## Goal of the exercise
Restate word for word the lines of the material below, from the line with "this 960×1280 image." to the line with "this 1360×1530 image.", both lines included, and no others.

## Records

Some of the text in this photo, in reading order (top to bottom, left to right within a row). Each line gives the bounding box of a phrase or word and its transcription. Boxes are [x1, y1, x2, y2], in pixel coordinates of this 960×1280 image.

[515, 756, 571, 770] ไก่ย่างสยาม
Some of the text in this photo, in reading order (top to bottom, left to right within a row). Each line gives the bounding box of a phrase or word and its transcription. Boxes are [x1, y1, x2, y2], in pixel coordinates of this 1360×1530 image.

* * *

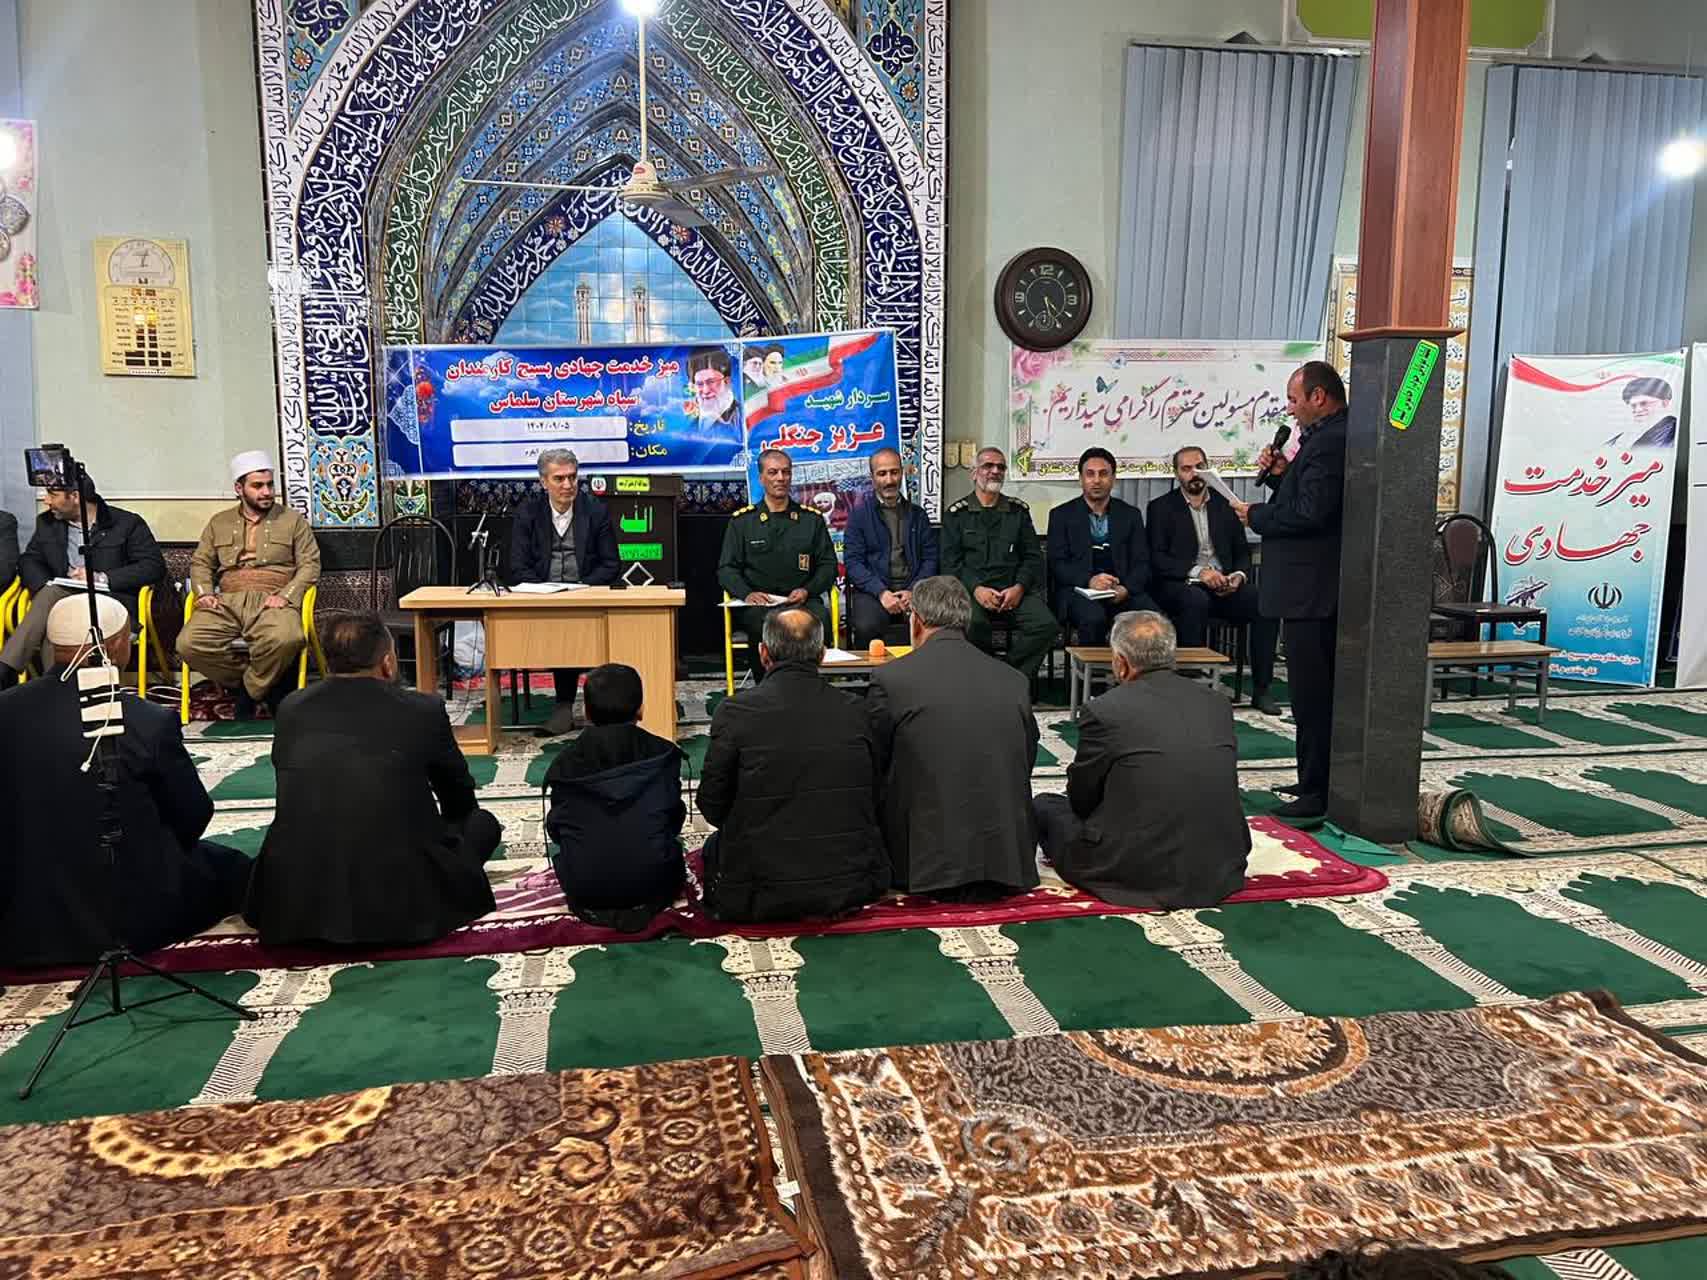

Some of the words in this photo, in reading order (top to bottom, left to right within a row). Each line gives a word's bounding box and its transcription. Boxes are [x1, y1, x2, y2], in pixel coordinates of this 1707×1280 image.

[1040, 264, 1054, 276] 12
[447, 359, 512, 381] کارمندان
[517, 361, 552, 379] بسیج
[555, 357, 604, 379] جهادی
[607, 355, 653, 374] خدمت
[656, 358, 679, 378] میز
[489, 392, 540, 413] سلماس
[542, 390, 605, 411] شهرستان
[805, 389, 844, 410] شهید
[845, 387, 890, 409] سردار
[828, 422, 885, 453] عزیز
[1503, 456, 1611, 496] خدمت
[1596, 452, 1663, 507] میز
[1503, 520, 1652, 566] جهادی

---

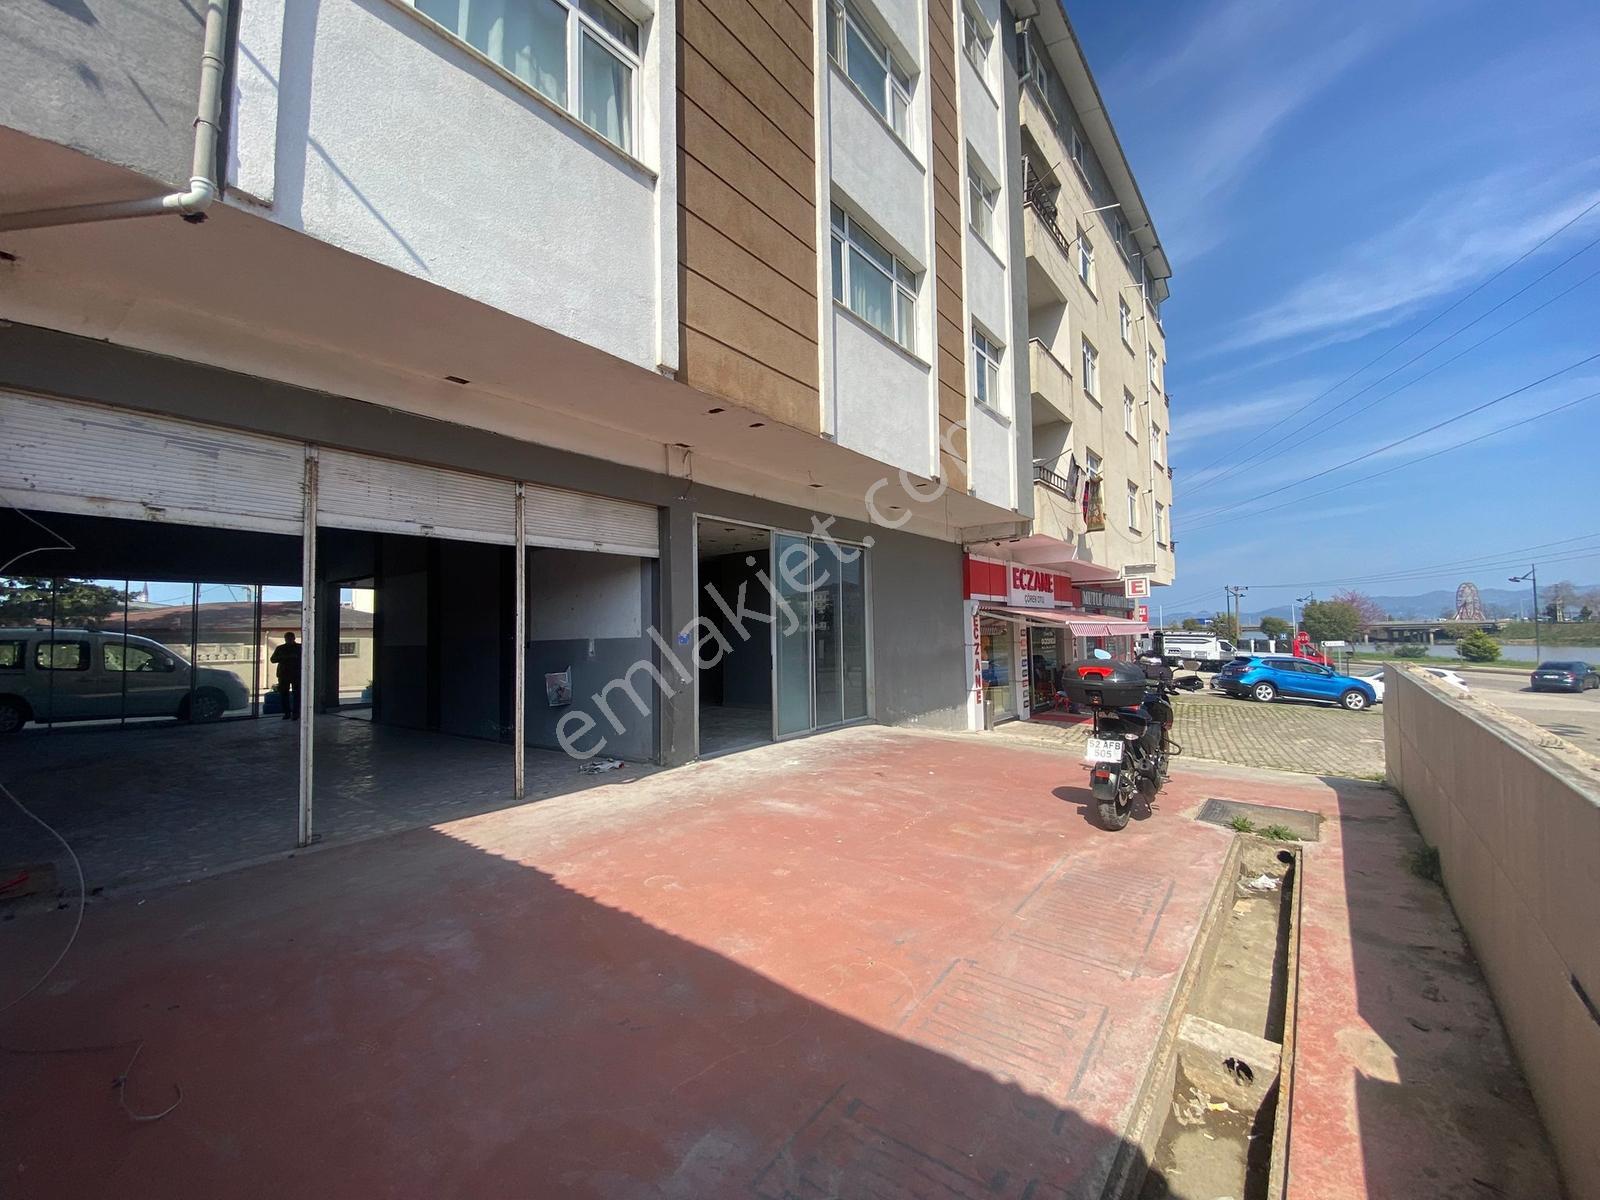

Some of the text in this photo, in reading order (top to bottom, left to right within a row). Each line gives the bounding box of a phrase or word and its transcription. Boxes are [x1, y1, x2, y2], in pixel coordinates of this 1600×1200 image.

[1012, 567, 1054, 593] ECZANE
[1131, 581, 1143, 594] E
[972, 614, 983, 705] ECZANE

## Result of the task
Some of the text in this photo, in reading order (top to bottom, left to right within a row). Each line gives the bounding box of a phrase or word and its transcription. Boxes are [x1, y1, x2, y2], in pixel coordinates of this 960×1280 image.

[515, 756, 571, 770] ไก่ย่างสยาม
Some of the text in this photo, in reading order (top to bottom, left to right within a row). Each line gives the bounding box of a phrase or word and its transcription. Boxes are [x1, y1, x2, y2], in pixel coordinates of this 1360×1530 image.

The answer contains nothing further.